We introduce differential refinement logic (dRℒ), a logic with first-class support for refinement relations on hybrid systems, and a proof calculus for verifying such relations. dRℒ simultaneously solves several seemingly different challenges common in theorem proving for hybrid systems: 1. When hybrid systems are complicated, it is useful to prove properties about simpler and related sub-systems before tackling the system as a whole. 2. Some models of hybrid systems can be implementation-specific. Verification can be aided by abstracting the system down to the core components necessary for safety, but only if the relations between the abstraction and the original system can be guaranteed. 3. One approach to taming the complexities of hybrid systems is to start with a simplified version of the system and iteratively expand it.
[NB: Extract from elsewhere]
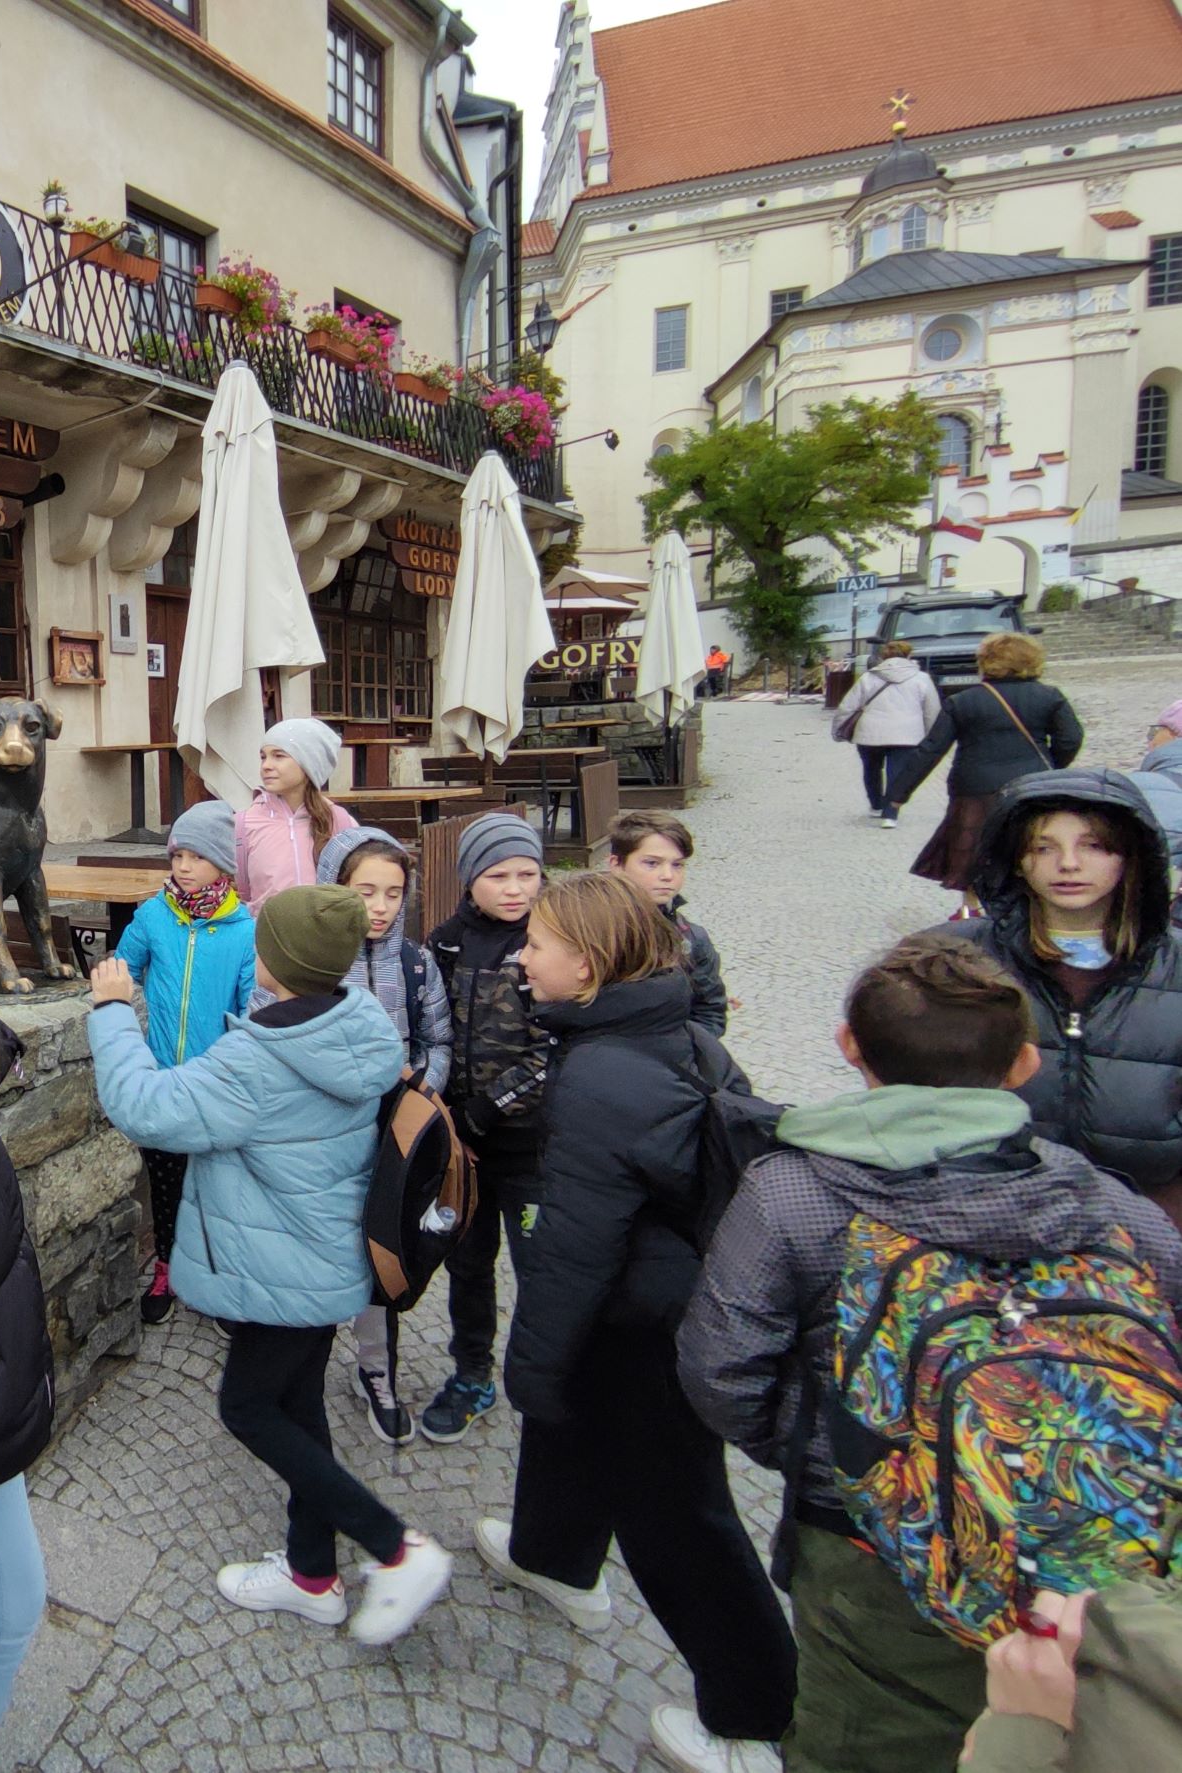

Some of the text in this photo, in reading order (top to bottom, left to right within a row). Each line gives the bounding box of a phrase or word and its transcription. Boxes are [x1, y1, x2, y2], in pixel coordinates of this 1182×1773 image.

However, this approach can be costly, since every iteration has to be proved safe from scratch, unless refinement relations can be leveraged in the proof. 4. When proofs become large, it is di cult to maintain a modular or comprehensible proof structure. By using a refinement relation to arrange proofs hierarchically according to the structure of natural subsystems, we can increase the readability and modularity of the resulting proof. dRℒ extends an existing specification and verification language for hybrid systems (differential dynamic logic, dℒ) by adding a refinement relation to directly compare hybrid systems. This paper gives a syntax, semantics, and proof calculus for dRℒ. We demonstrate its usefulness with examples where using refinement results in easier and better-structured proofs.